R : Je pense que nous sommes à peu près sûrs maintenant qu'elle existe, mais nous devons être honnêtes. Nous ne sommes pas sûrs de ce que "ça" est. Et il se peut que ce ne soit pas une seule chose. Il peut s'agir de plusieurs troubles qui conduisent à un trouble global du déconditionnement. En termes de traitement, je ne pense pas que nous soyons très avancés. Je pense que nous pouvons aider les personnes atteintes de fibromyalgie, mais nous sommes loin de pouvoir la guérir.

Q : Tant de personnes souffrent de maux de dos. Quelles sont les nouveautés dans ce domaine ?

R : Nous en apprenons davantage sur toutes les différentes petites structures de la colonne vertébrale qui peuvent causer des douleurs dorsales. Par exemple, il existe maintenant des traitements ciblés, généralement des injections, qui placent des médicaments directement dans la zone du nerf à l'origine de la douleur.

Il ne fait aucun doute que la chirurgie du dos peut être très efficace, mais elle peut aussi être dévastatrice et nuisible, et nous devons donc déterminer qui est un bon candidat et qui ne l'est pas. Les nouvelles études qui sortent actuellement nous aident à mieux prédire cela. Nous posons également de nouvelles questions, comme celle de savoir pourquoi certaines régions du pays subissent plus d'opérations du dos que d'autres. Je pense qu'au cours de la prochaine décennie, nous aurons beaucoup plus de réponses.

Je suis particulièrement enthousiasmé par la stimulation de la moelle épinière. Une électrode, semblable à un stimulateur cardiaque, est insérée dans la colonne vertébrale et utilise le "langage" du nerf (les signaux électriques que les nerfs utilisent pour communiquer) pour brouiller le signal de la douleur.
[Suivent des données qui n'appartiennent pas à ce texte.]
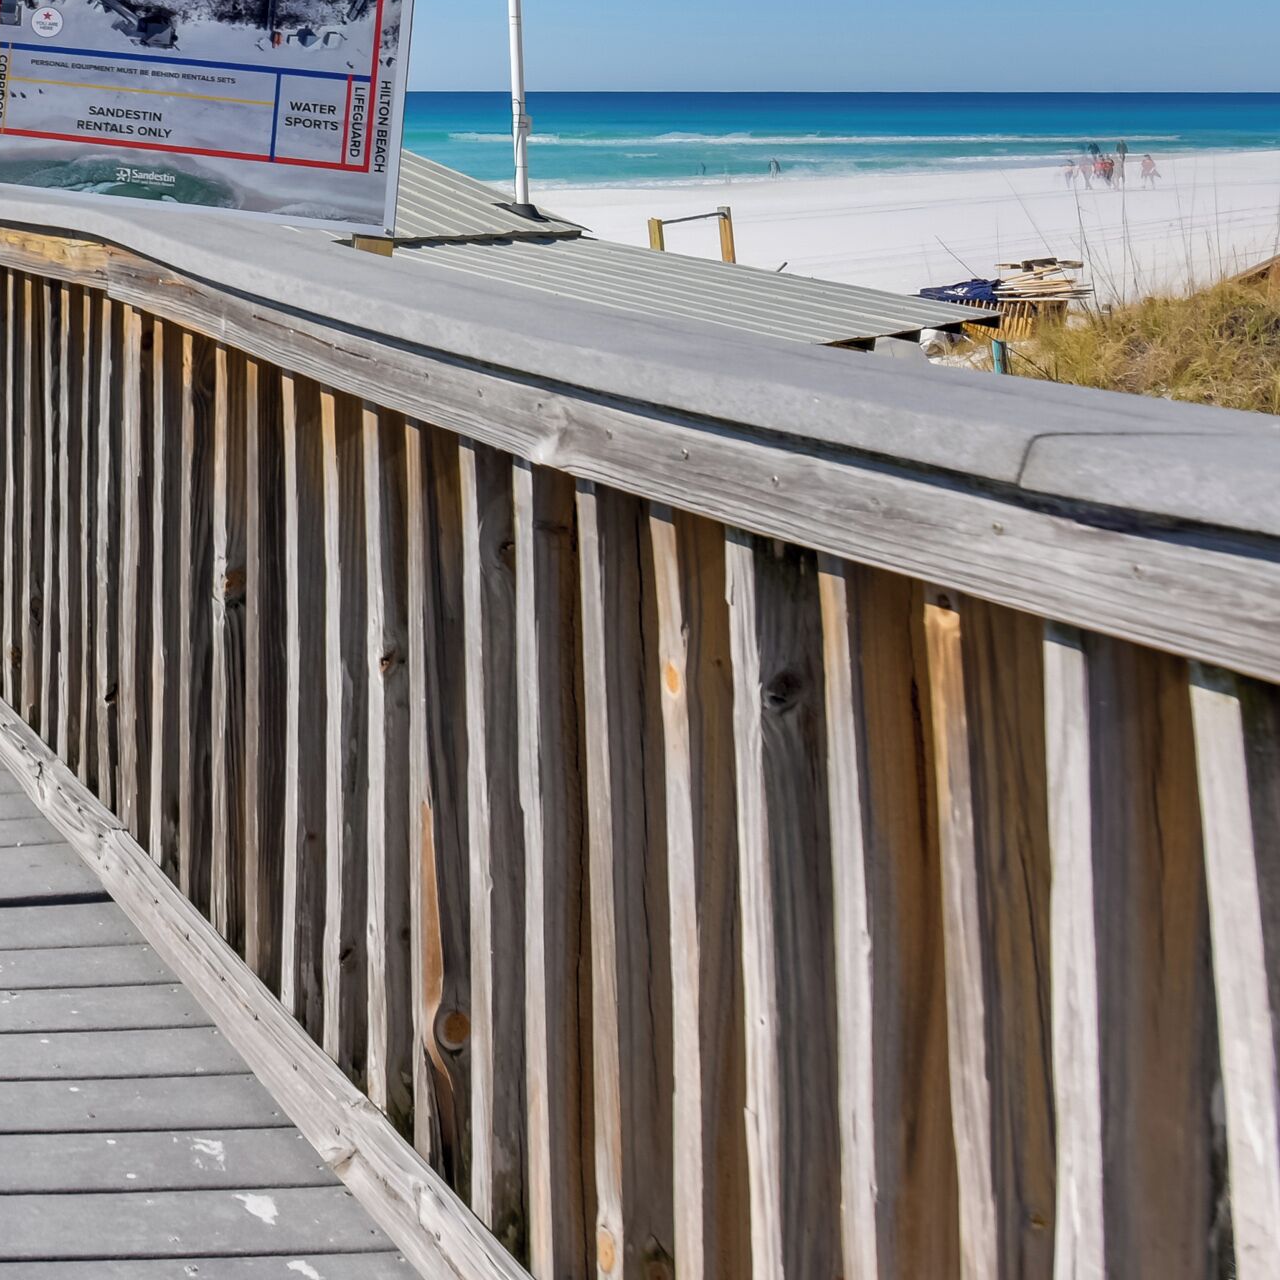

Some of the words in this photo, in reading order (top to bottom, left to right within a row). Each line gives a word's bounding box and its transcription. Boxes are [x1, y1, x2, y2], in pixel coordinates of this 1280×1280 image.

[31, 59, 69, 68] PERSONAL
[71, 63, 115, 73] EQUIPMENT
[117, 67, 137, 75] MUST
[151, 70, 180, 79] BEHIND
[181, 73, 215, 82] RENTALS
[217, 76, 236, 84] SETS
[290, 101, 336, 115] WATER
[377, 80, 392, 126] HILTON
[88, 106, 163, 121] SANDESTIN
[349, 87, 366, 158] LIFEGUARD
[77, 120, 134, 134] RENTALS
[137, 126, 173, 138] ONLY
[285, 117, 338, 131] SPORTS
[374, 129, 387, 173] BEACH
[132, 169, 175, 182] Sandestin
Cette technique fonctionne très bien pour les douleurs liées à une opération du dos lorsque les nerfs ont été blessés pendant l'intervention.

La mise en garde est que la stimulation de la chirurgie de la moelle épinière ne concerne qu'une minorité de patients, mais elle peut être très efficace. Après un traitement de stimulation utile, mes patients me disent au revoir et nous ne les revoyons plus jusqu'à ce qu'ils aient besoin d'ajuster l'intensité de la stimulation ou d'une nouvelle batterie. Ils m'envoient une carte de Noël.